* **INFORMATION GIVEN**
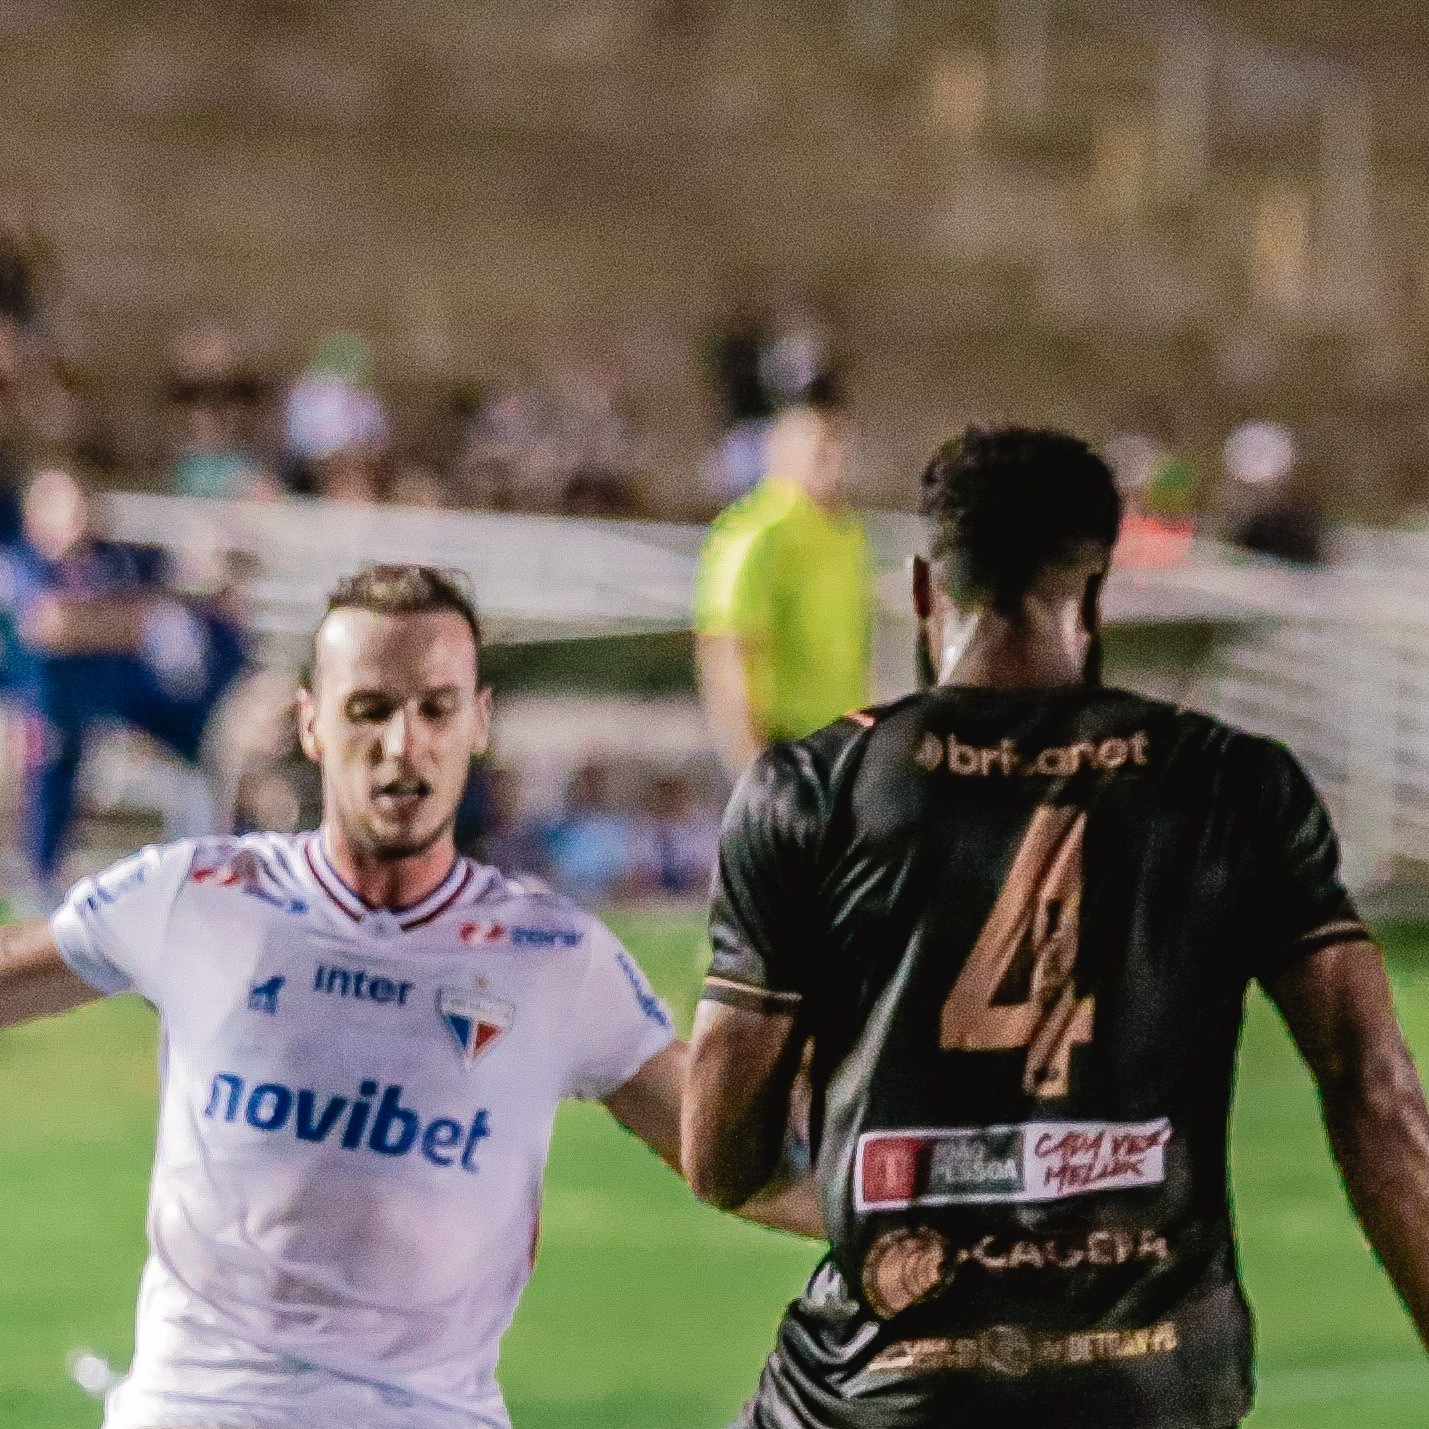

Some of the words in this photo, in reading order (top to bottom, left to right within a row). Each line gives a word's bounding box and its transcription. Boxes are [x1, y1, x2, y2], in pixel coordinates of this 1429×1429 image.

[312, 963, 416, 1006] inter
[939, 804, 1094, 1098] 4
[203, 1072, 491, 1173] novibet
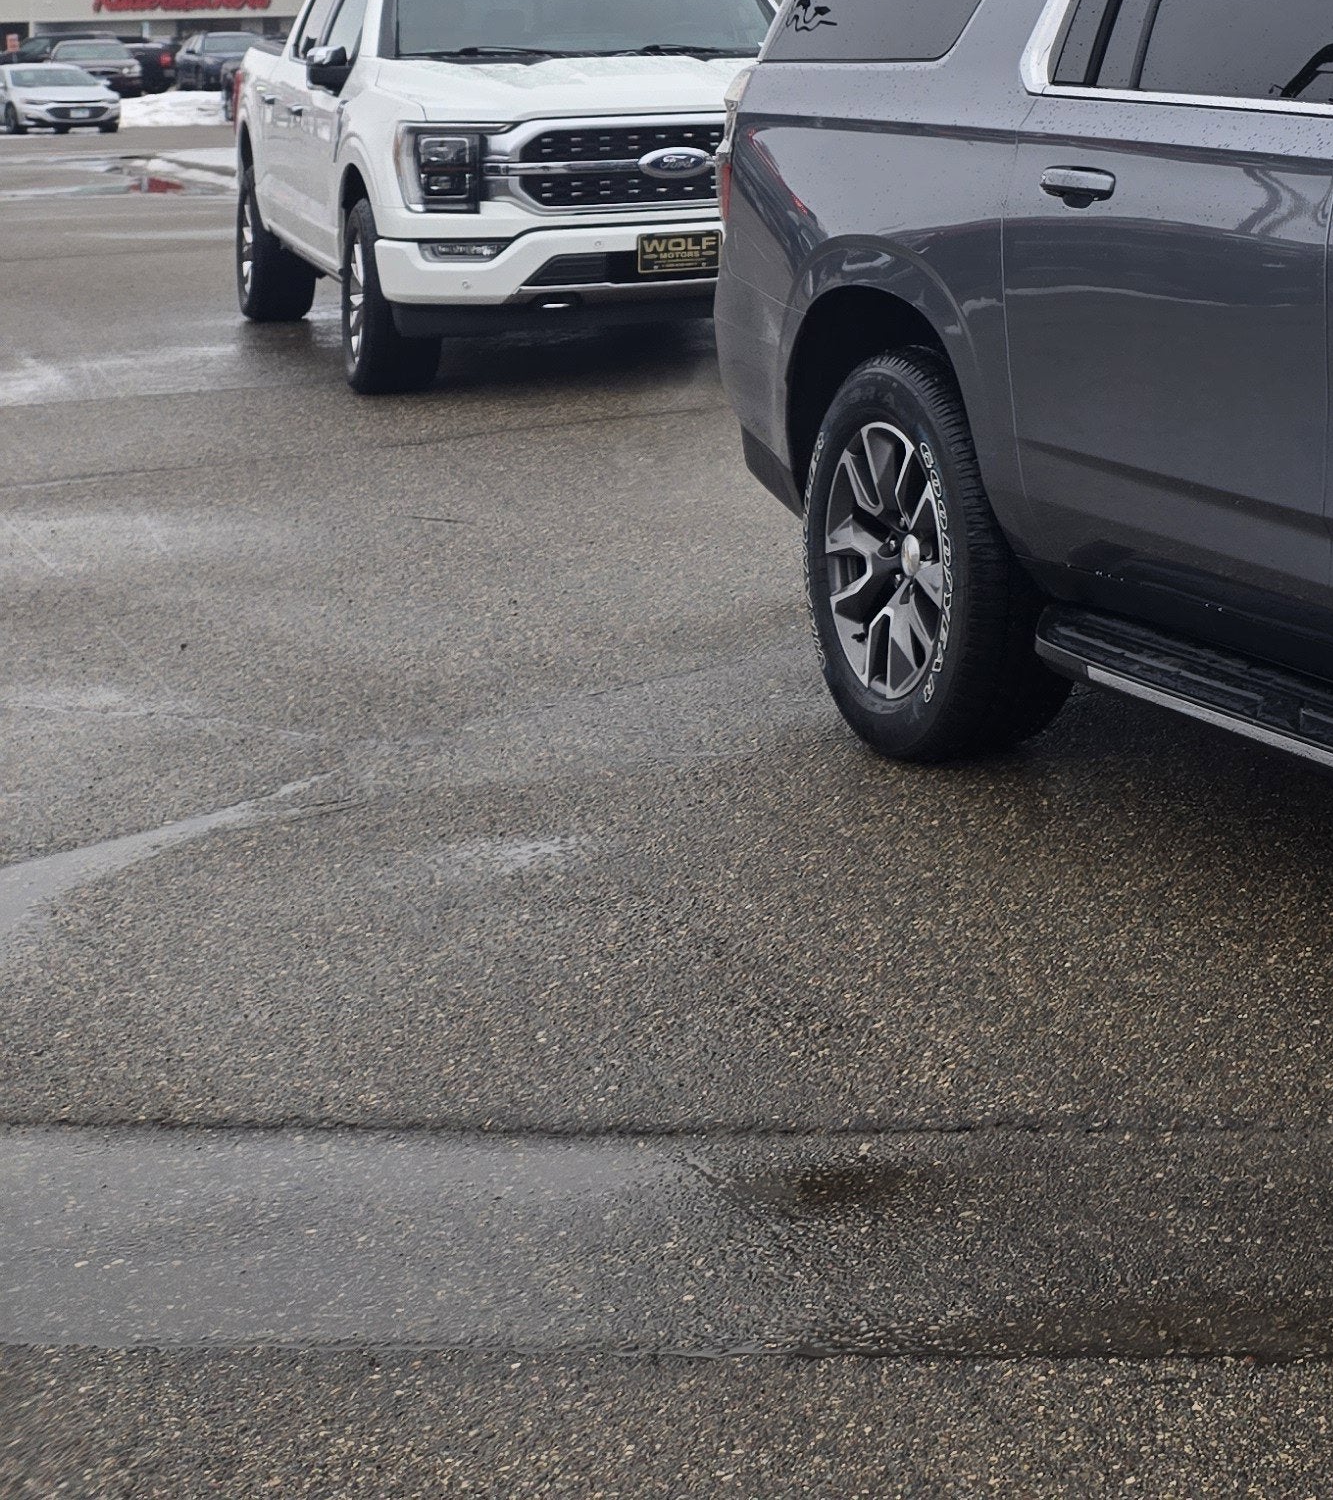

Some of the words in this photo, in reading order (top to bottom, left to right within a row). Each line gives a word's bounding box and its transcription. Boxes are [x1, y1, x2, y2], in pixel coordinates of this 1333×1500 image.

[660, 155, 696, 169] Ford
[642, 236, 717, 253] WOLF
[659, 250, 700, 260] MOTORS
[919, 441, 954, 703] GOODYEAR
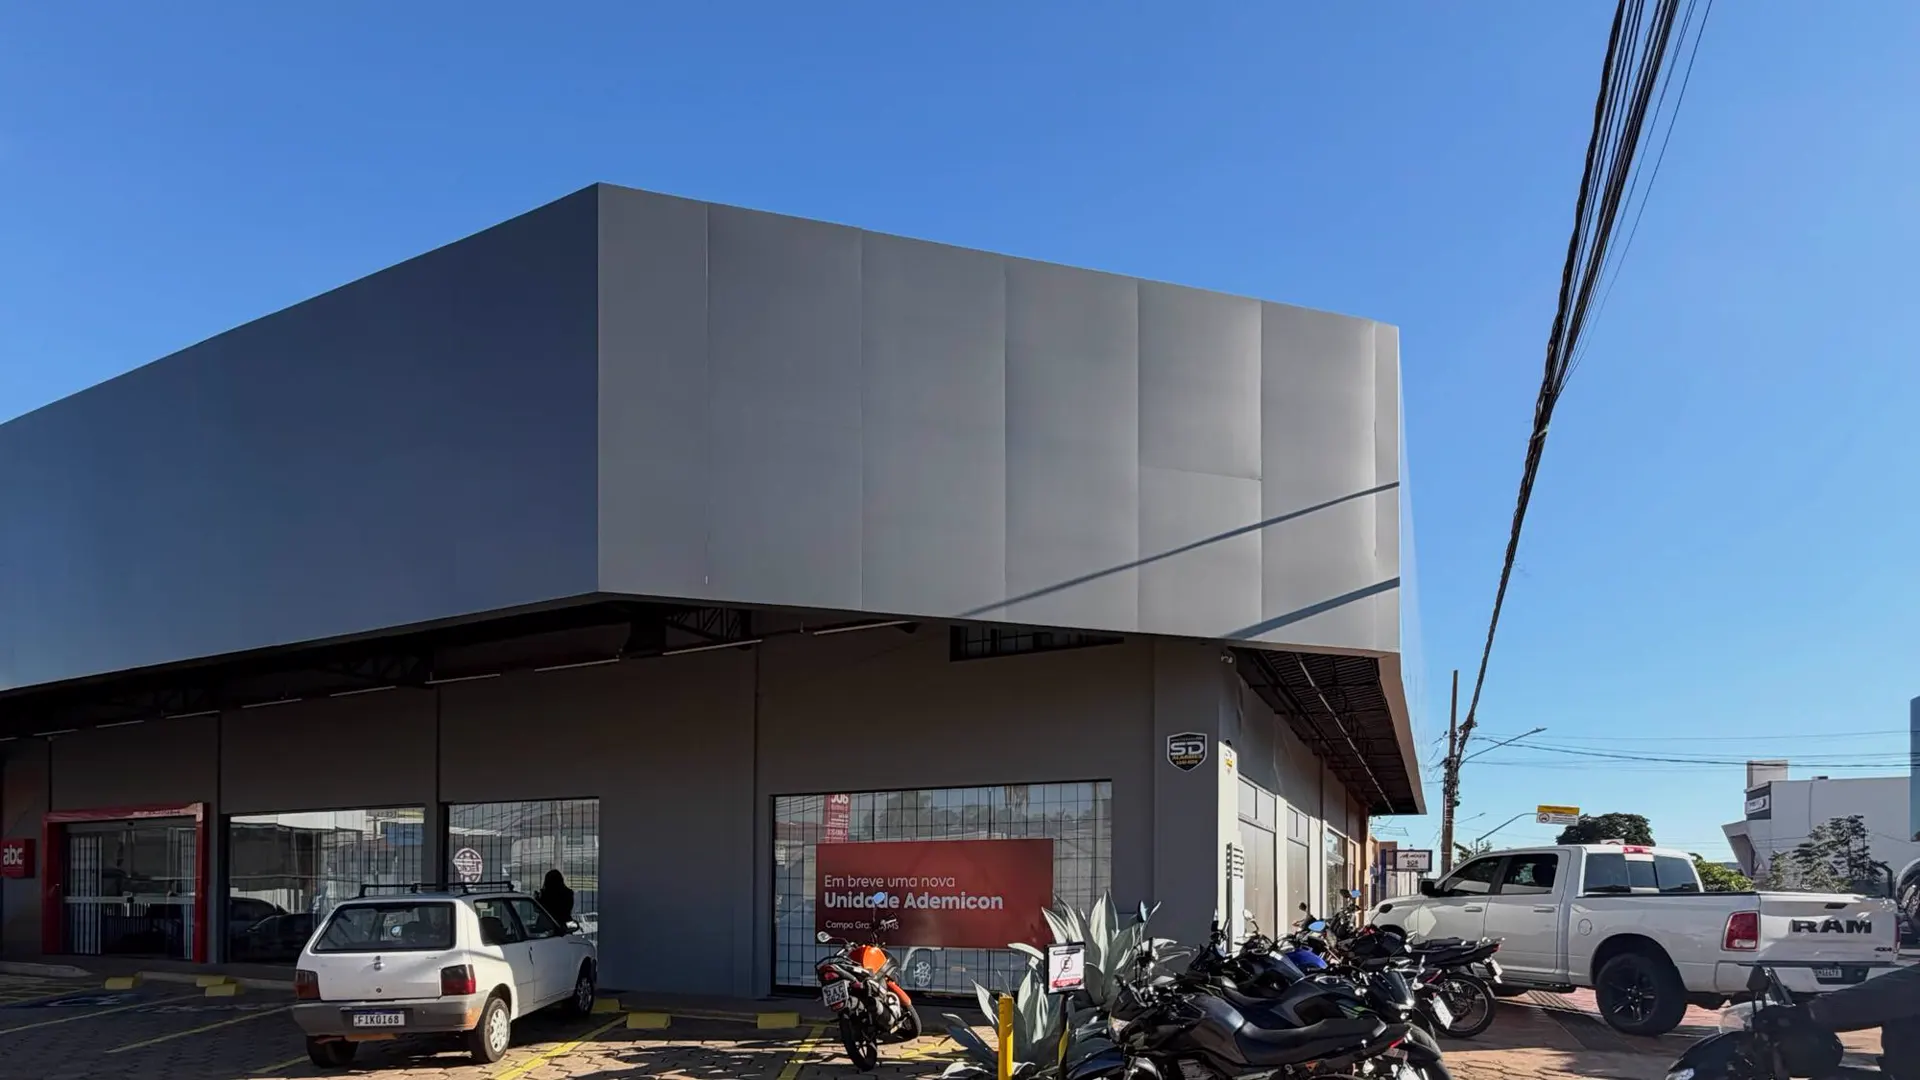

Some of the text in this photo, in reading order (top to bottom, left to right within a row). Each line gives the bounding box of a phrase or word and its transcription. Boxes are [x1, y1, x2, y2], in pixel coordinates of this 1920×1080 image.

[1170, 741, 1204, 756] SD
[3, 844, 24, 865] abc
[824, 875, 955, 887] Em breve uma nova
[824, 891, 1003, 909] Unidade Ademicon
[825, 920, 853, 930] Campo
[1788, 919, 1872, 933] RAM

* **TRY IT**
What is needed is a word-for-word copy of the data above, free of any images.

* **SOLVED PROBLEM**
Some of the words in this photo, in reading order (top to bottom, left to right within a row). Each line gives a word's bounding box and its transcription. Boxes are [x1, y1, x2, y2], in pixel coordinates of this 1429×1429 image.

[312, 963, 416, 1006] inter
[939, 804, 1094, 1098] 4
[203, 1072, 491, 1173] novibet

Some of the words in this photo, in reading order (top to bottom, left to right within a row). Each line gives a word's bounding box and its transcription. Boxes are [x1, y1, x2, y2], in pixel coordinates of this 1333×1500 image.

[660, 155, 696, 169] Ford
[642, 236, 717, 253] WOLF
[659, 250, 700, 260] MOTORS
[919, 441, 954, 703] GOODYEAR

Some of the text in this photo, in reading order (top to bottom, left to right within a row). Each line gives the bounding box of a phrase or word and its transcription. Boxes are [x1, y1, x2, y2], in pixel coordinates of this 1920×1080 image.

[1170, 741, 1204, 756] SD
[3, 844, 24, 865] abc
[824, 875, 955, 887] Em breve uma nova
[824, 891, 1003, 909] Unidade Ademicon
[825, 920, 853, 930] Campo
[1788, 919, 1872, 933] RAM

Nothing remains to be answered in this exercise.